I've not heard of this before, but frankly it doesn't sound like his efforts went anywhere, so that's not surprising. If the article is correct regarding legislation, that part of the record should be out there.
From my perspective there is a lot of bragging going on about the sanctimonious perfection of Mormonism and their intent.
Sometimes it is all made up. I would hope there is a record. If not, it is just more of the same.
I have never heard/read of it either and considering the number of LDS officials who were Nazi’s, Nazi Sympathizers (even in SLC) and SS soldiers, and having read extensively on Nazi/Mormon connections during the war, I don’t believe it.

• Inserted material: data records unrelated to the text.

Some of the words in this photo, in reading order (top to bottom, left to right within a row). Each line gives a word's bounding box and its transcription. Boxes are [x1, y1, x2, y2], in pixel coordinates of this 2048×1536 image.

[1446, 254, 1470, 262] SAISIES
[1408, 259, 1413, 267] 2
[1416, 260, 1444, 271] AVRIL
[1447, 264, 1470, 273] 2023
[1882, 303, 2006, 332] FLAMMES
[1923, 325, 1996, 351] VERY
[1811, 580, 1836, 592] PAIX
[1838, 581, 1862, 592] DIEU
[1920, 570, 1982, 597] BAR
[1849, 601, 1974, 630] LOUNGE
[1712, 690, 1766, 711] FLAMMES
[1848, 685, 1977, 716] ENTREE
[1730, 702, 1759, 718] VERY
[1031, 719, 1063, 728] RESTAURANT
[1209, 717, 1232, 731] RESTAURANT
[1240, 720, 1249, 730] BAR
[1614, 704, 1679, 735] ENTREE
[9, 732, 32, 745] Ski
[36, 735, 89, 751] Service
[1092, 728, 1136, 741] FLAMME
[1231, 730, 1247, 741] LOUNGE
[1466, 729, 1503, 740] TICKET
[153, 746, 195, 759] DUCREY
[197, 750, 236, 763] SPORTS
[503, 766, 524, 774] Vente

It looks to me to be more of a puff piece in the wake of the Wiesenthal scandal. LDS often lies and rewrites history to save its sorry *** and THAT is documented.
Don’t know, but Rafael Medoff and the Wyman Institute are serious individuals/institutions with no reason to promote the LDS. I’d believe them. Given the nature of the times, an effort like this was doomed to failure, but I’m willing to give the Senator credit for his attempt. I’d speculate that the timing of the article might be related to the recent controversy over baptising dead Jews.
Note post 17, it’s not from LDS isn’t, Medoff and the Wyman Institure are legitimate sources. As I noted the timing is, well, the timing.
Sorry ass indeed. Live *** translation.
I went through the house in 1966—At the time, I don’t believe it was as big a tourist attraction as it is today. If I remember correctly, the tour was self-guided.